TASK DESCRIPTION:
For each record below, set it down exactly but leave out any picture.

Referring expression grounding data:
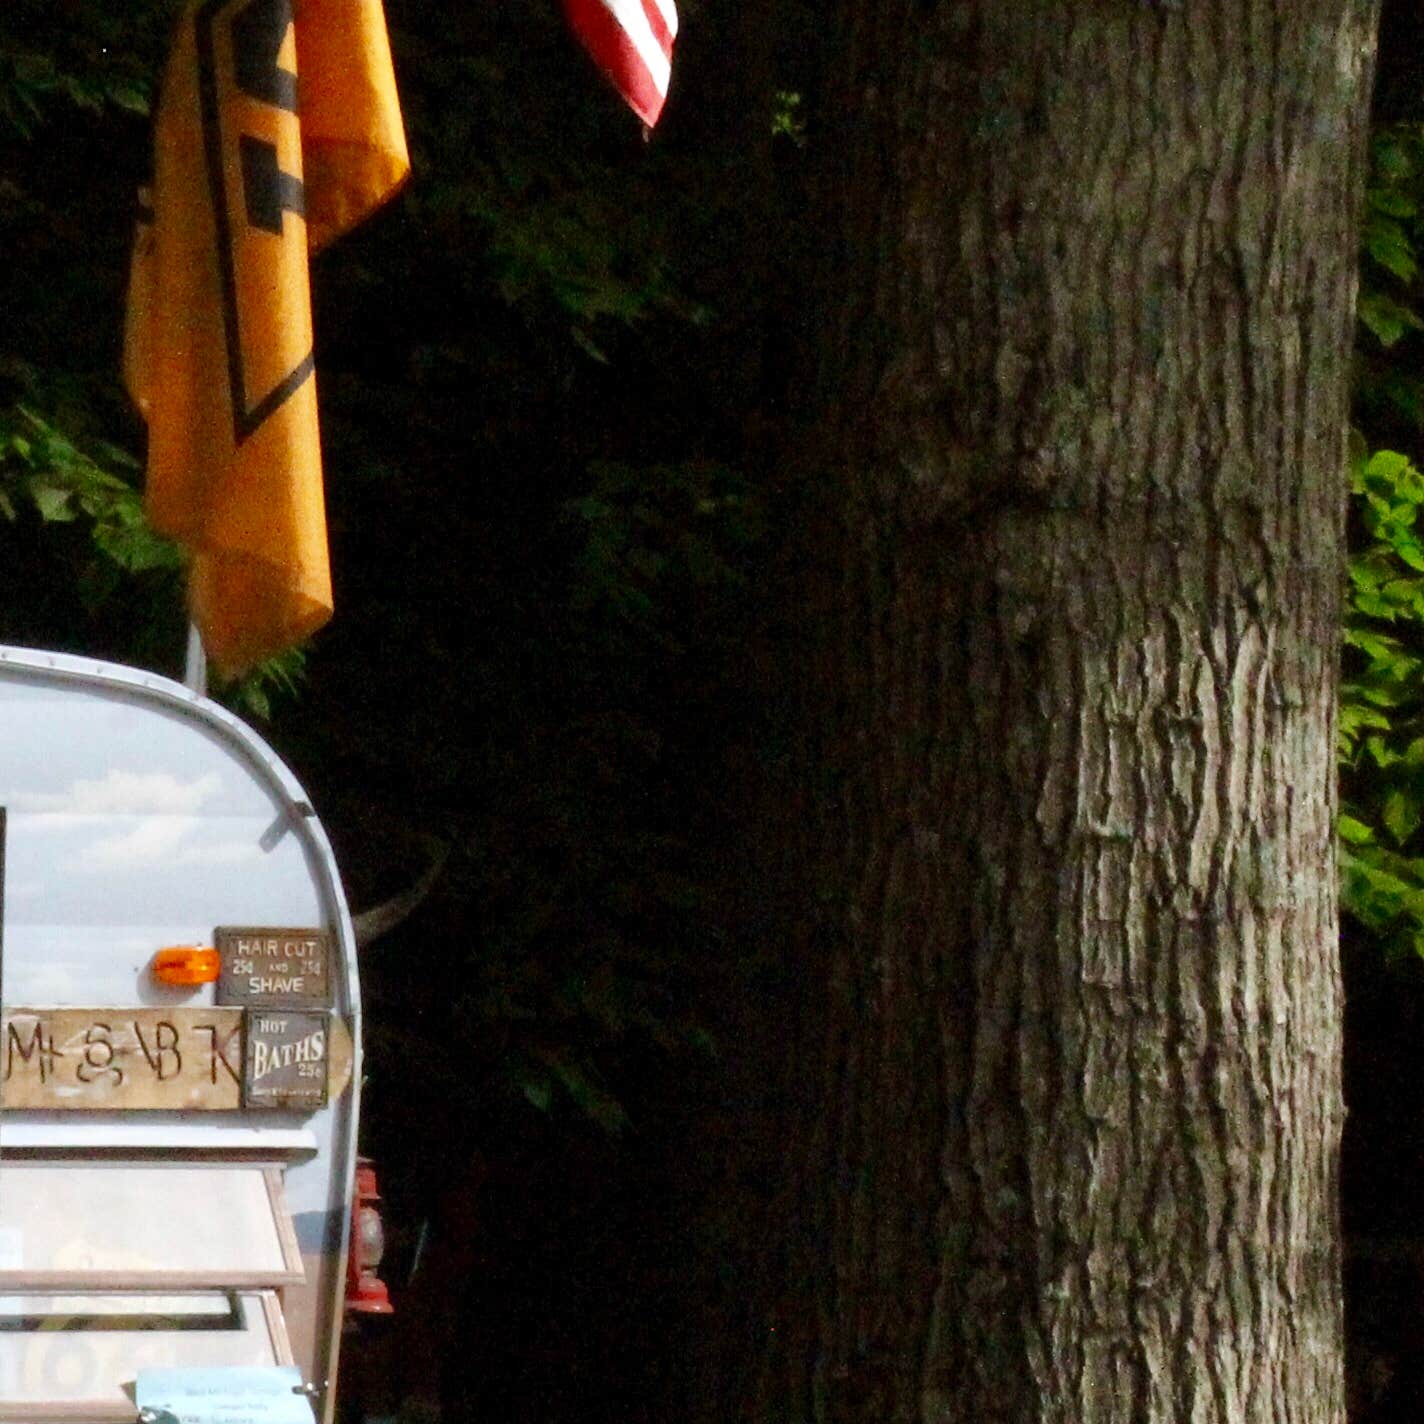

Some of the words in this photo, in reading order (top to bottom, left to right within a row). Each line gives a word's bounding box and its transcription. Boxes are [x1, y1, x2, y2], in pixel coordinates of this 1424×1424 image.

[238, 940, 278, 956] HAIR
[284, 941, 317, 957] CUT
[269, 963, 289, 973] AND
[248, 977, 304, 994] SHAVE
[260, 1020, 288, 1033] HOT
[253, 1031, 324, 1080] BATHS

ANSWER AREA:
Some of the words in this photo, in reading order (top to bottom, left to right within a row). Each line gives a word's bounding box and its transcription. Boxes are [x1, y1, x2, y2], in pixel coordinates of this 1424×1424 image.

[238, 940, 278, 956] HAIR
[284, 941, 317, 957] CUT
[269, 963, 289, 973] AND
[248, 977, 304, 994] SHAVE
[260, 1020, 288, 1033] HOT
[253, 1031, 324, 1080] BATHS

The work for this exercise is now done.